WHAT YOU NEED TO DO ▸ The answer should be the records below, word for word, with every image left out.

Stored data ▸
=== Begin Enclosure ===

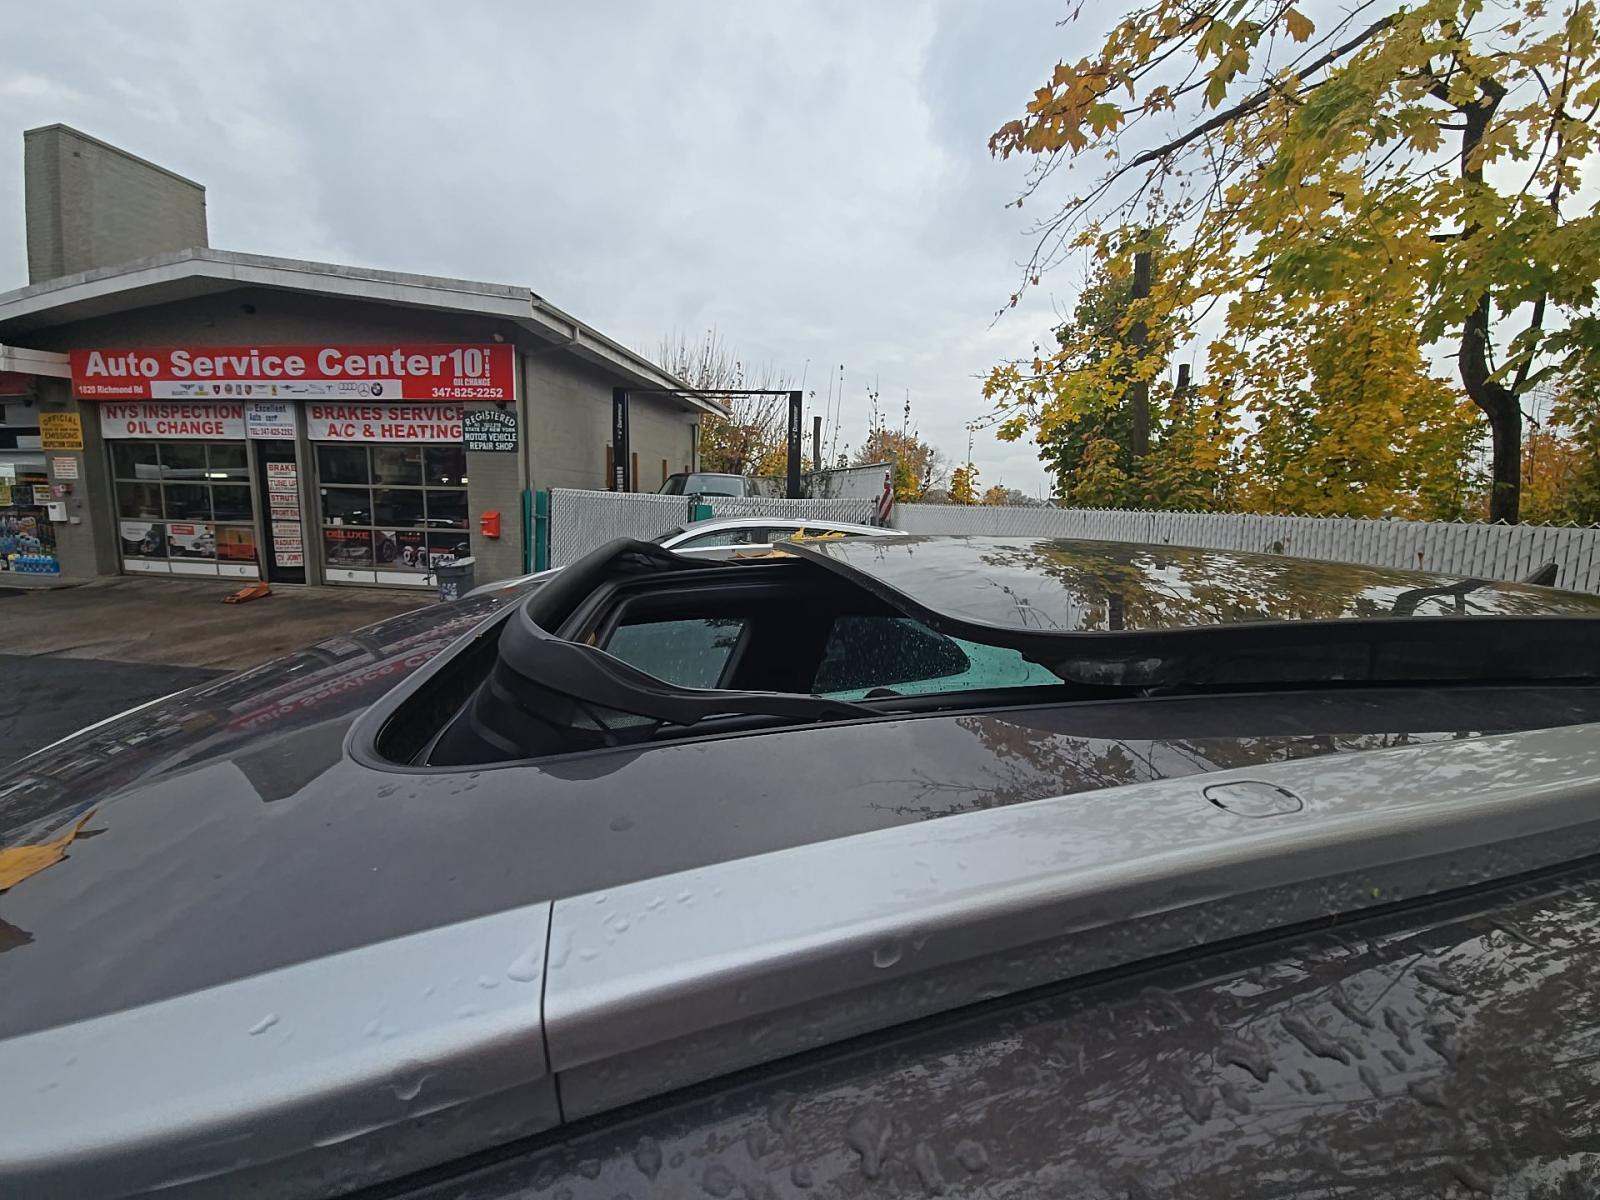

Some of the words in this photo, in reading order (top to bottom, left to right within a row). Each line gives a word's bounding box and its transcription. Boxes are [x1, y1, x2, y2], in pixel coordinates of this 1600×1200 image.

[85, 351, 160, 378] Auto
[170, 349, 306, 378] Service
[317, 348, 447, 377] Center
[449, 348, 483, 378] 10
[453, 378, 463, 386] OIL
[464, 378, 491, 386] CHANGE
[97, 385, 133, 394] Richmond
[133, 385, 144, 394] Rd
[431, 387, 504, 399] 347-825-2252
[105, 404, 141, 420] NYS
[142, 404, 243, 420] INSPECTION
[311, 405, 382, 420] BRAKES
[388, 406, 465, 421] SERVICE
[464, 410, 516, 427] REGISTERED
[42, 414, 79, 426] OFFICIAL
[126, 421, 153, 435] OIL
[156, 421, 225, 435] CHANGE
[327, 423, 356, 438] A/C
[362, 424, 375, 438] &
[381, 424, 462, 439] HEATING
[464, 433, 487, 441] MOTOR
[488, 433, 517, 441] VEHICLE
[469, 442, 494, 450] REPAIR
[495, 442, 514, 450] SHOP

=== End Enclosure ===

RESPONSE ▸
Some of the words in this photo, in reading order (top to bottom, left to right within a row). Each line gives a word's bounding box and its transcription. Boxes are [x1, y1, x2, y2], in pixel coordinates of this 1600×1200 image.

[85, 351, 160, 378] Auto
[170, 349, 306, 378] Service
[317, 348, 447, 377] Center
[449, 348, 483, 378] 10
[453, 378, 463, 386] OIL
[464, 378, 491, 386] CHANGE
[97, 385, 133, 394] Richmond
[133, 385, 144, 394] Rd
[431, 387, 504, 399] 347-825-2252
[105, 404, 141, 420] NYS
[142, 404, 243, 420] INSPECTION
[311, 405, 382, 420] BRAKES
[388, 406, 465, 421] SERVICE
[464, 410, 516, 427] REGISTERED
[42, 414, 79, 426] OFFICIAL
[126, 421, 153, 435] OIL
[156, 421, 225, 435] CHANGE
[327, 423, 356, 438] A/C
[362, 424, 375, 438] &
[381, 424, 462, 439] HEATING
[464, 433, 487, 441] MOTOR
[488, 433, 517, 441] VEHICLE
[469, 442, 494, 450] REPAIR
[495, 442, 514, 450] SHOP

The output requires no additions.